White. Everything was white.

It burnt his eyes and left him blind, searching his way around the room by feel rather than sight. It was too stark, too bright, too much of it everywhere, and he could barely breathe here at all. He had never expected white to feel so oppressive, but it did. It weighed down on him, filling him with desperation and fear.

His arm throbbed painfully, and he reached up and ran his fingers over the tiny dot of red that signified where the needle had entered. The needle that contained the chemical that had robbed him of his powers, left him helpless against the men who had brought him here, to this place of white and emptiness.

They had been dressed in black. Black clothing matching black coats and black bullet-proof vests and black masks pulled low over their faces, with only thin slight for the eyes. Black gloves on their hands and black shoes on their feet. The contrast of the two colors – black against white and his eyes burning as he tried to fight back, and for what, what reason, what good would it do? – seared an imprint into his mind, one he would never forget. Black shadows and white walls.

He was trapped here.

"Maria!"

She turned, but too late, and his cry of warning, of protest against the inevitable, did not stop the bullets. Did not stop the red that spread out across her clothing as her eyes turned towards him, smiling painfully through tears as though there was any reason at all to hope.

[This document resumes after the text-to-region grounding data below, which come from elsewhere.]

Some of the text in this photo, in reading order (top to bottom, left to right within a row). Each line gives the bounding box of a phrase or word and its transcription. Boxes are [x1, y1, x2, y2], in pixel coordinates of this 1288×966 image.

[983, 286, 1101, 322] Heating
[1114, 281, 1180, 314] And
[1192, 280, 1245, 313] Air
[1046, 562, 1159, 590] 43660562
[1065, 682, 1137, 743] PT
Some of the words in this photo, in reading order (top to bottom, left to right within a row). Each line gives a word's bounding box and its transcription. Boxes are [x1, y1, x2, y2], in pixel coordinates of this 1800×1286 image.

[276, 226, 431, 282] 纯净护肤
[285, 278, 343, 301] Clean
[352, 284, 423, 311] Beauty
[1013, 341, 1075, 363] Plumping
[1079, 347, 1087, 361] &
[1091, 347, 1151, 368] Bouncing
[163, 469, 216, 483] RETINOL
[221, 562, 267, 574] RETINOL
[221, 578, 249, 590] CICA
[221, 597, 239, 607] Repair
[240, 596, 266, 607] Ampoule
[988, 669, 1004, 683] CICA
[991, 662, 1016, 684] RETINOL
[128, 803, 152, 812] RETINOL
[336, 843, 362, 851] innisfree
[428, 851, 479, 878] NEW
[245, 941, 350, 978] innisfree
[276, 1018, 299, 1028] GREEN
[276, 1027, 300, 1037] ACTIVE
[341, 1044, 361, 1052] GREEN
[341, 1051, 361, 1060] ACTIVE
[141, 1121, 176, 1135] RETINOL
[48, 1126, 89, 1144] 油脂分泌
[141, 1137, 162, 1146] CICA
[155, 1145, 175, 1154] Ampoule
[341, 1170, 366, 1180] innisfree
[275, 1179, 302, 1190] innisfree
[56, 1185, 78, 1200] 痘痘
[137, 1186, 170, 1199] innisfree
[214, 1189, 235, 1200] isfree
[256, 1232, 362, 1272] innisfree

"No… no… no, please, no… Maria…" A whisper. A plea. A prayer. None of it mattered, nothing could be done. It was too late, too late…

"Mr. Guerin," a voice said, and he turned. Turned and stared as the white shifted and gave way to color. To a man standing near the door, to a pair of green eyes focused on him with clinical amusement.

A guttural growl escaped his throat. These men had trapped him here, these men had taken his powers, taken his family, taken Maria…

Animalistic rage rushed through him. He would kill them. He would kill them.

But no movement was fast enough here. Nothing could be done against these men, nothing could stop the green eyes from staring at him with revulsion and contempt. Hands grasped him, fingers wrapping around his arms, nails biting into his skin. He struggled but it was all in vain and the colors blended together, black and green combining and then fading, growing lighter and lighter until everything…

Until everything turned to white.


"Michael?

"Do it. Turn her in."


The lights were off. The darkness turned the room to gray and he stared up at the ceiling. It was calmer now, and the silence no longer filled his mind with pain, the sight of the blank walls no longer bit into his eyes liked acid. The quiet was not oppressive, but it was still somber, and it gave him time to think.

There was something running through his veins, keeping him trapped.

There was something snapping down on his wrists, restraints of some sort, and his head was immobile as when he pushed and pulled something pressed down on his throat – a rope, a cord, a metal bar… did it really matter what it was? – and he couldn't breathe.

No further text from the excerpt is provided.